**Records from a dataset:**
——

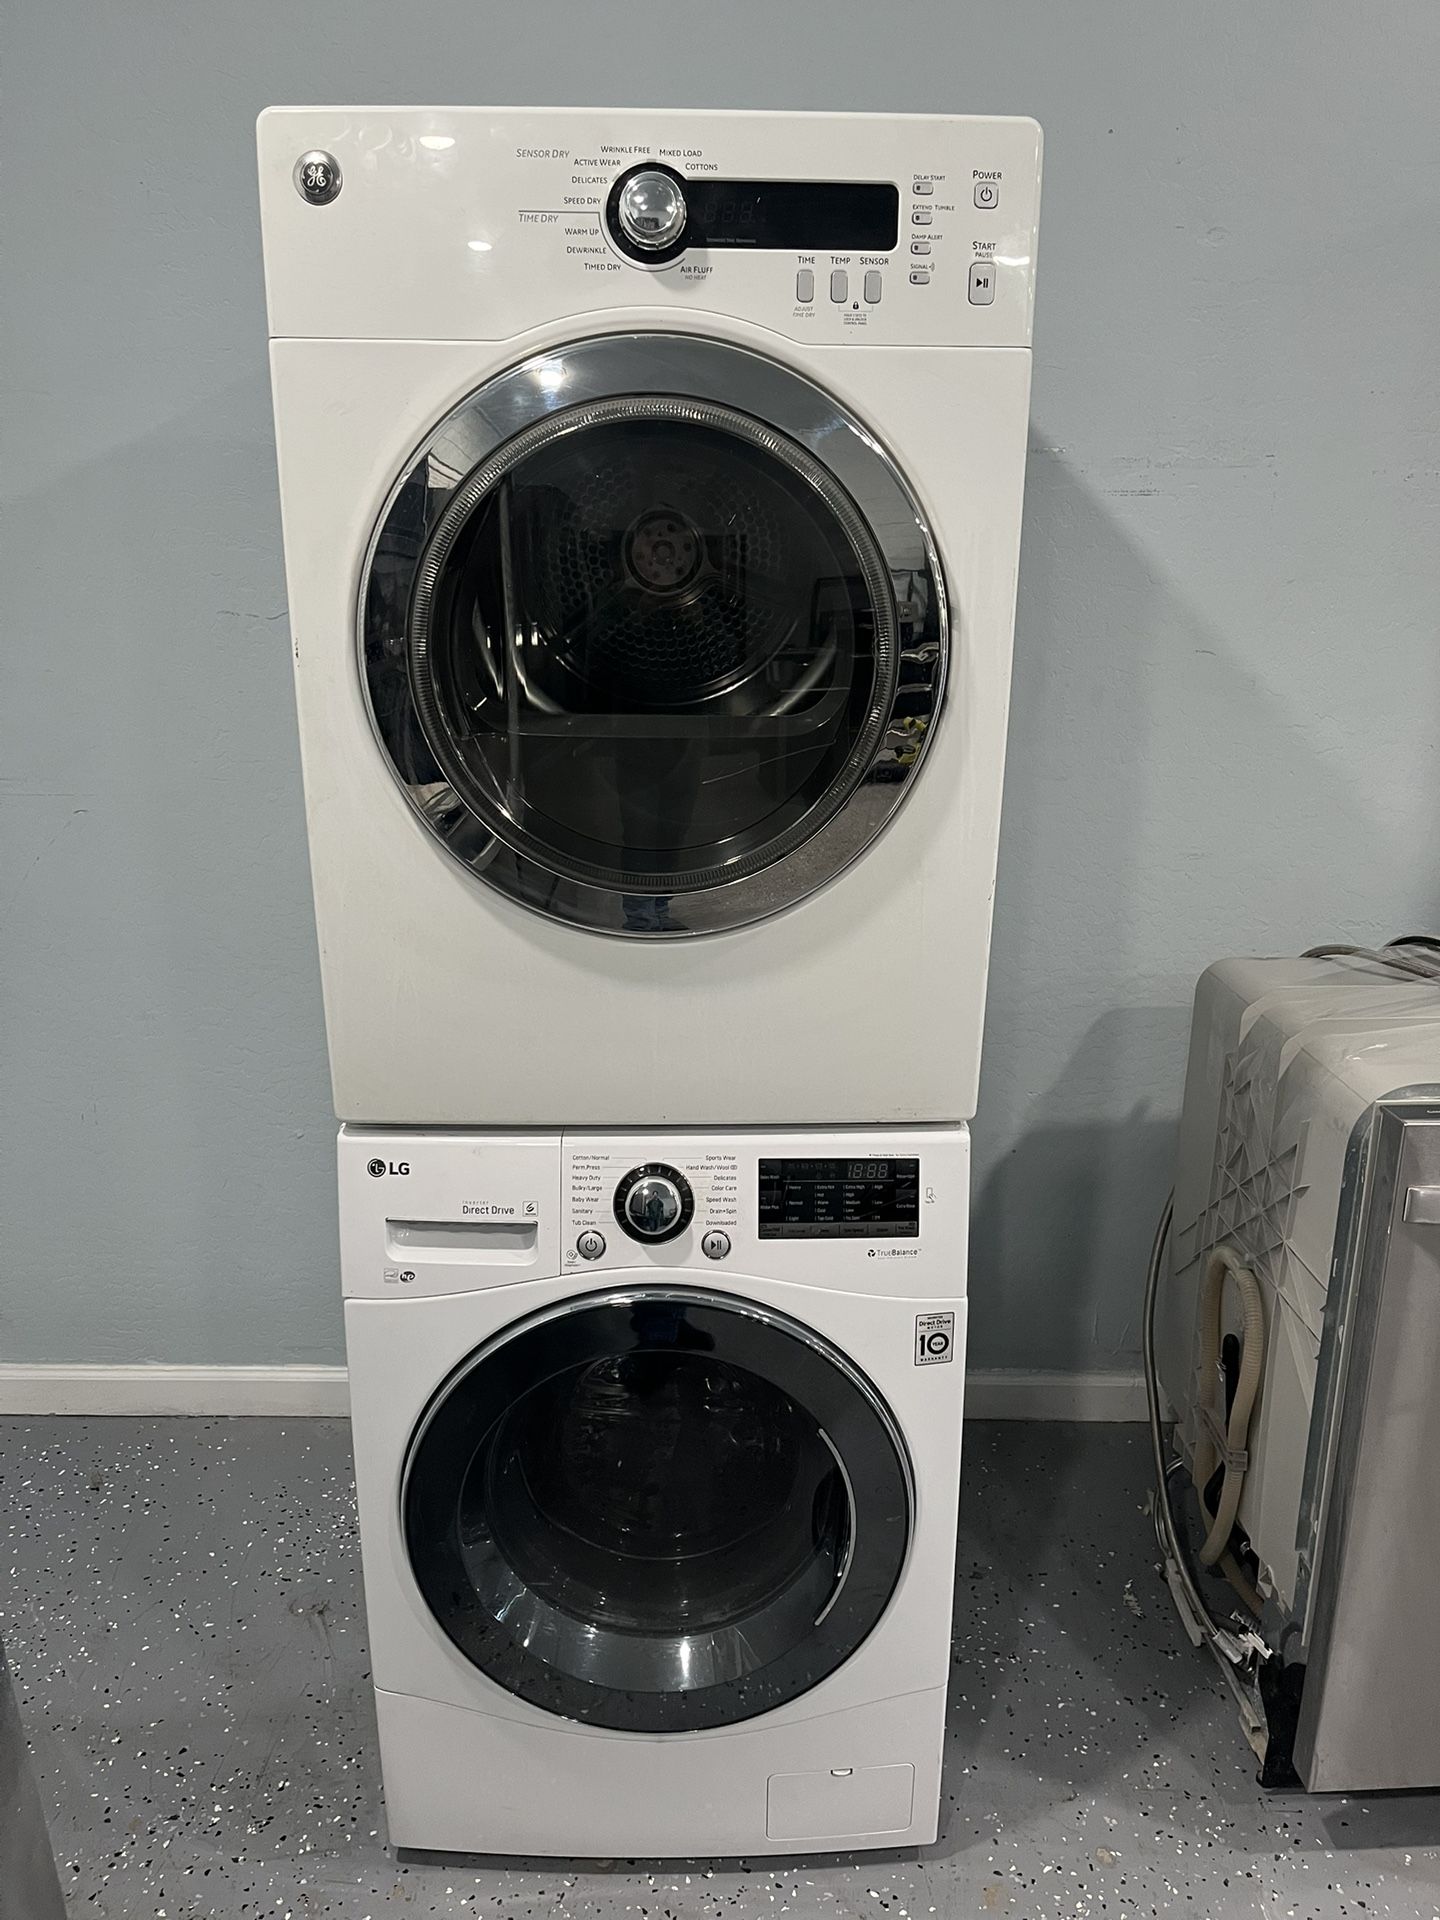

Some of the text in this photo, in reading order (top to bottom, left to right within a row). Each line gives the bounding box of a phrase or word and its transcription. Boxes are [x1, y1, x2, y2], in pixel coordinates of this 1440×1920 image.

[600, 145, 651, 154] WRINKLE FREE
[659, 149, 703, 157] MIXED LOAD
[516, 149, 570, 160] SENSOR DRY
[574, 159, 621, 167] ACTIVE WEAR
[685, 163, 718, 171] COTTONS
[972, 169, 1003, 180] POWER
[571, 176, 608, 184] DELICATES
[563, 197, 601, 205] SPEED DRY
[934, 204, 955, 212] TUMBLE
[518, 214, 559, 224] TIME DRY
[564, 228, 600, 236] WARM UP
[927, 233, 943, 241] ALERT
[566, 246, 607, 255] DEWRINKLE
[972, 241, 997, 251] START
[797, 256, 816, 264] TIME
[830, 256, 851, 265] TEMP
[859, 256, 889, 265] SENSOR
[584, 263, 621, 271] TIMED DRY
[680, 265, 713, 274] AIR FLUFF
[389, 1162, 410, 1175] LG
[462, 1205, 490, 1214] Direct
[491, 1205, 515, 1214] Drive
[919, 1332, 950, 1356] 10
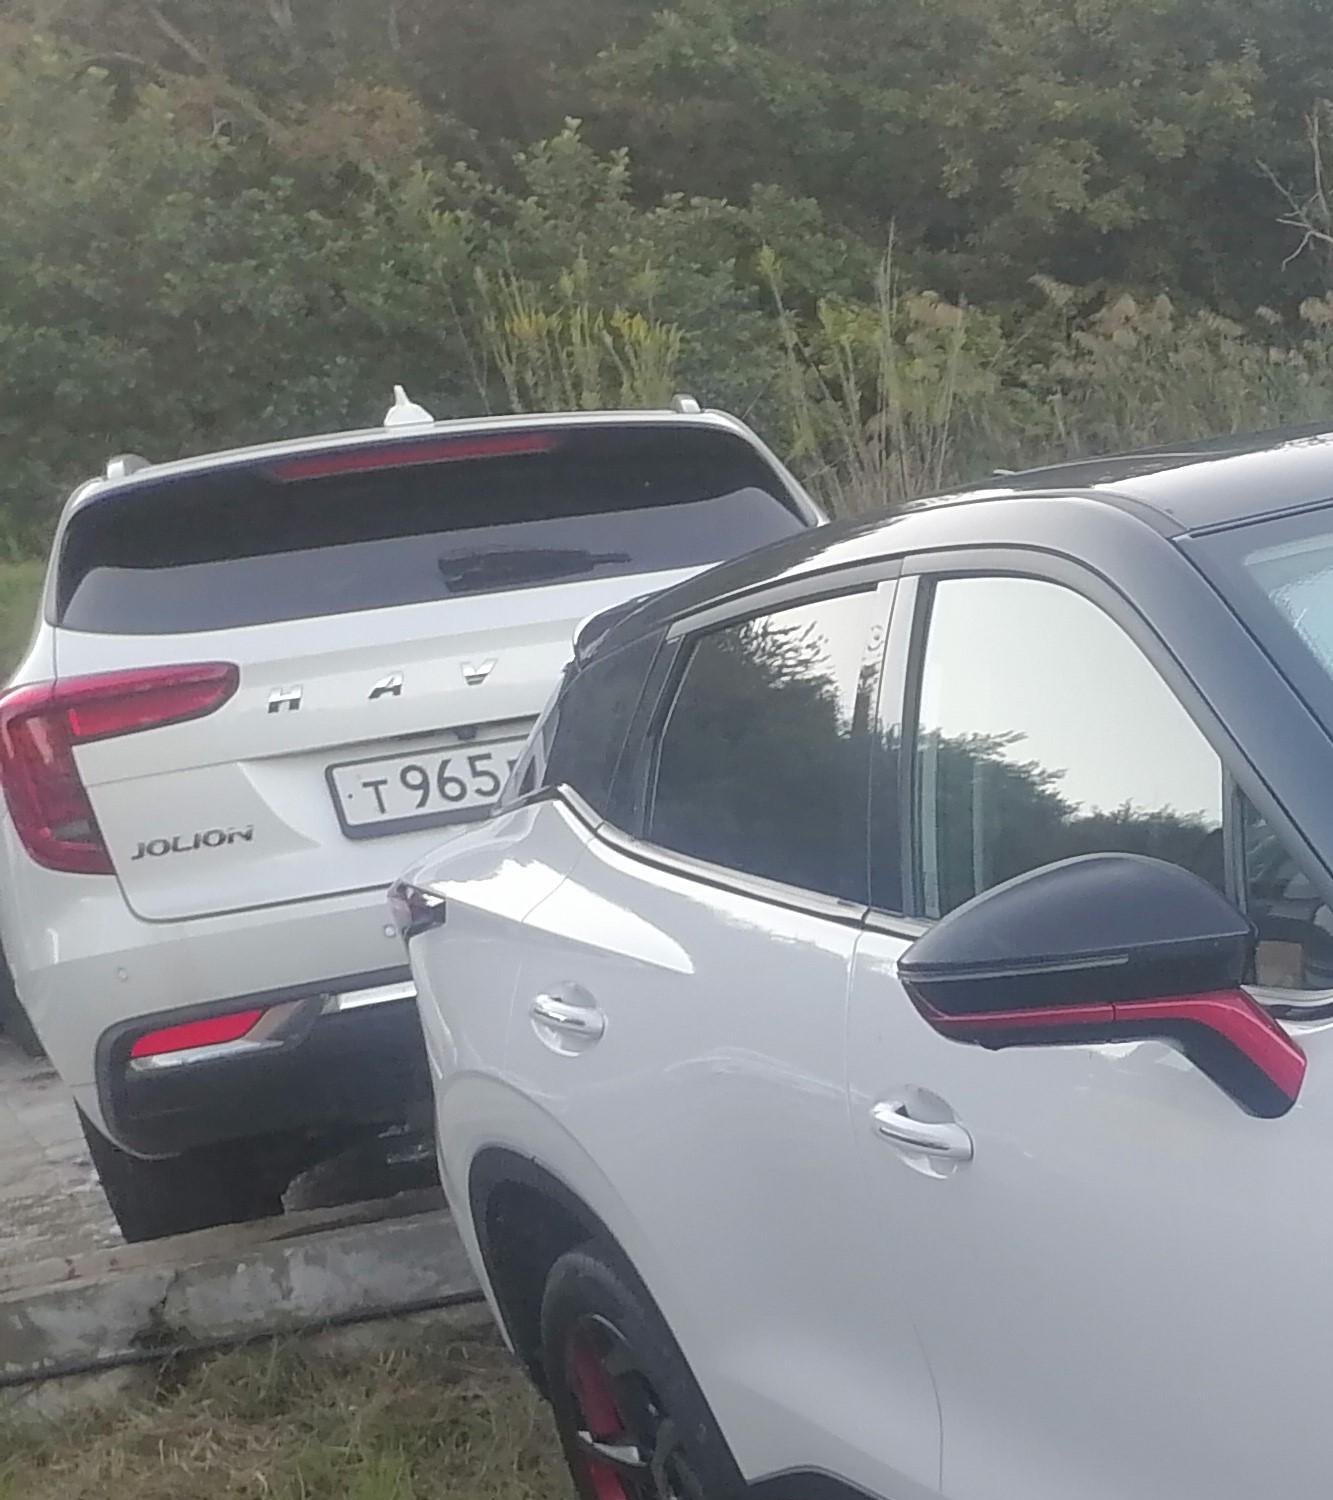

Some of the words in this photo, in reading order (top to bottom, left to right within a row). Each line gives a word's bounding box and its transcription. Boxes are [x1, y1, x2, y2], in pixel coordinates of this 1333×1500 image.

[267, 657, 499, 714] HAV
[361, 752, 519, 815] Т965
[131, 824, 254, 861] JOLION
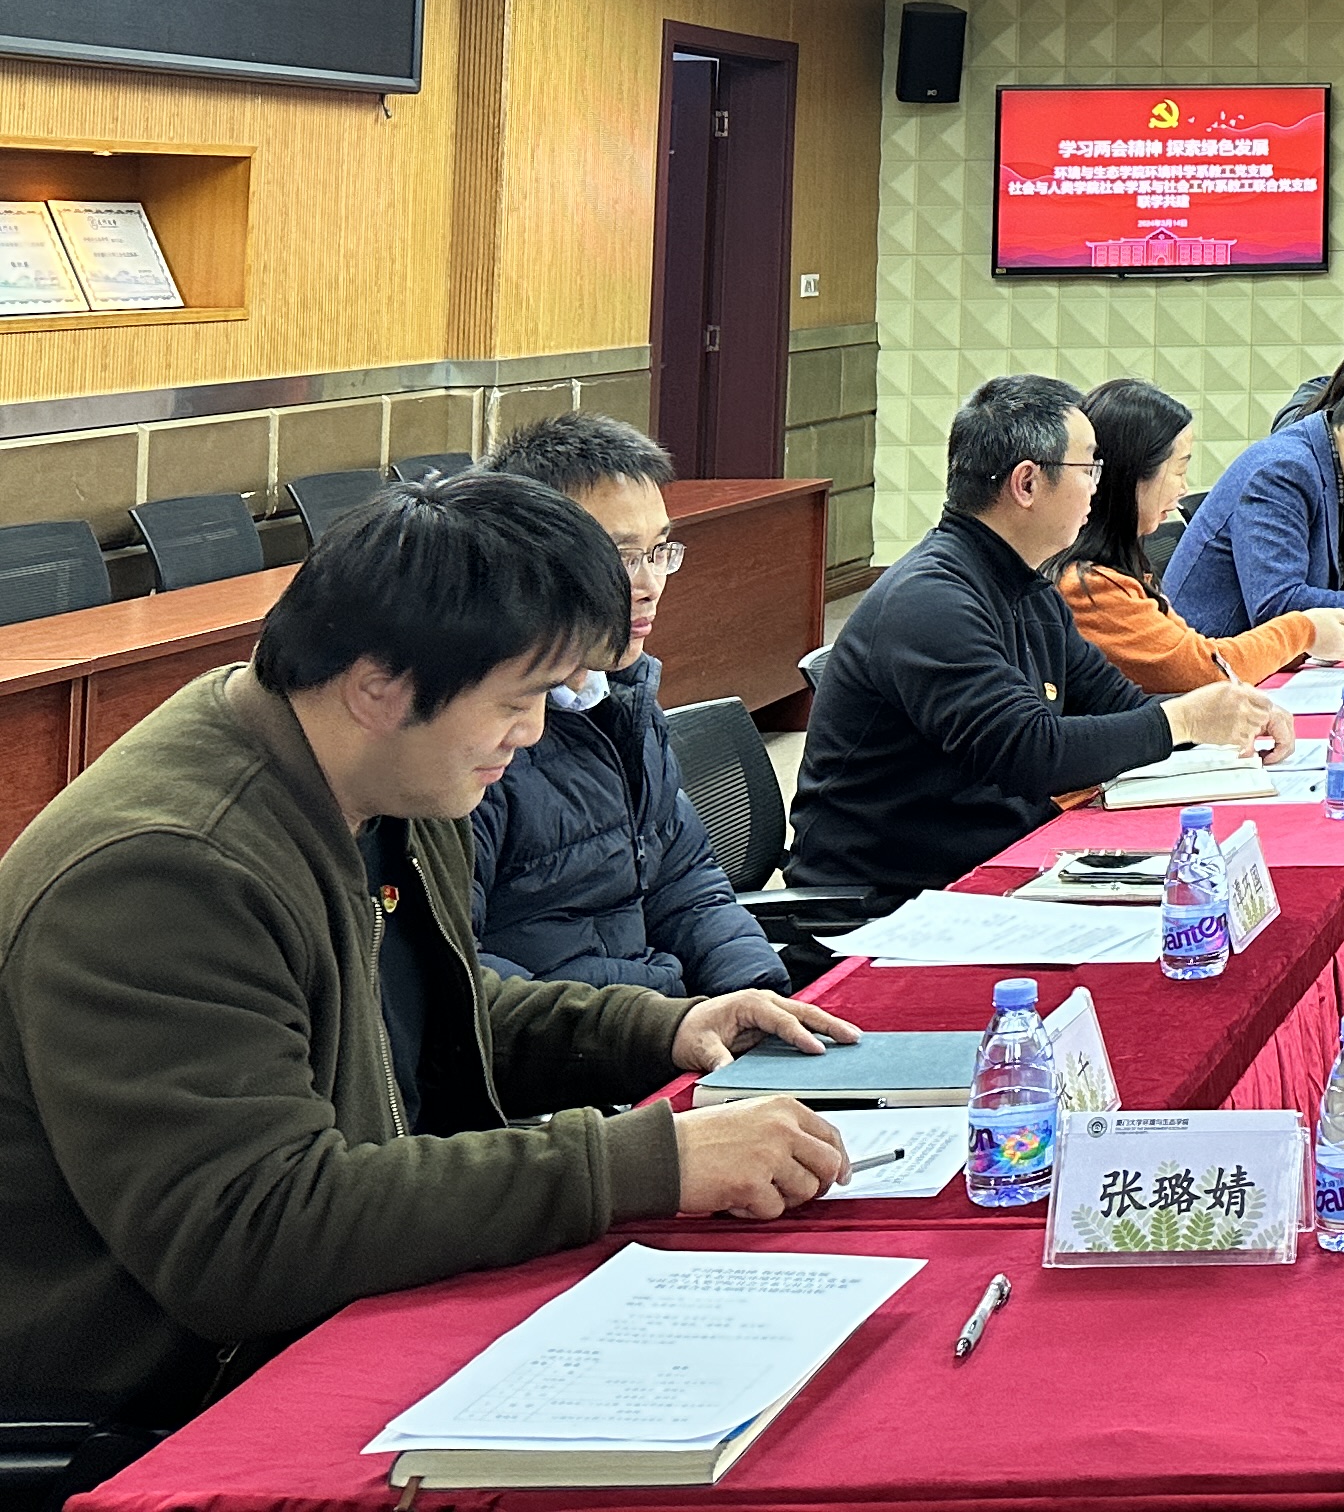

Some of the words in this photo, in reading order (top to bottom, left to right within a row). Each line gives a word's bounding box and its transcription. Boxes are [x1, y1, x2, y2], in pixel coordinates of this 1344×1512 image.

[1058, 138, 1162, 158] 学习两会精神
[1166, 138, 1269, 157] 探索绿色发展
[1099, 1164, 1256, 1219] 张璐婧

——

**Goal of the exercise:**
Above are the records; return them exactly, minus the pictures.

**Task answer:**
Some of the text in this photo, in reading order (top to bottom, left to right within a row). Each line gives the bounding box of a phrase or word and its transcription. Boxes are [x1, y1, x2, y2], in pixel coordinates of this 1440×1920 image.

[600, 145, 651, 154] WRINKLE FREE
[659, 149, 703, 157] MIXED LOAD
[516, 149, 570, 160] SENSOR DRY
[574, 159, 621, 167] ACTIVE WEAR
[685, 163, 718, 171] COTTONS
[972, 169, 1003, 180] POWER
[571, 176, 608, 184] DELICATES
[563, 197, 601, 205] SPEED DRY
[934, 204, 955, 212] TUMBLE
[518, 214, 559, 224] TIME DRY
[564, 228, 600, 236] WARM UP
[927, 233, 943, 241] ALERT
[566, 246, 607, 255] DEWRINKLE
[972, 241, 997, 251] START
[797, 256, 816, 264] TIME
[830, 256, 851, 265] TEMP
[859, 256, 889, 265] SENSOR
[584, 263, 621, 271] TIMED DRY
[680, 265, 713, 274] AIR FLUFF
[389, 1162, 410, 1175] LG
[462, 1205, 490, 1214] Direct
[491, 1205, 515, 1214] Drive
[919, 1332, 950, 1356] 10

Some of the words in this photo, in reading order (top to bottom, left to right within a row). Each line gives a word's bounding box and its transcription. Boxes are [x1, y1, x2, y2], in pixel coordinates of this 1333×1500 image.

[267, 657, 499, 714] HAV
[361, 752, 519, 815] Т965
[131, 824, 254, 861] JOLION

Some of the words in this photo, in reading order (top to bottom, left to right within a row). Each line gives a word's bounding box and its transcription. Boxes are [x1, y1, x2, y2], in pixel coordinates of this 1344×1512 image.

[1058, 138, 1162, 158] 学习两会精神
[1166, 138, 1269, 157] 探索绿色发展
[1099, 1164, 1256, 1219] 张璐婧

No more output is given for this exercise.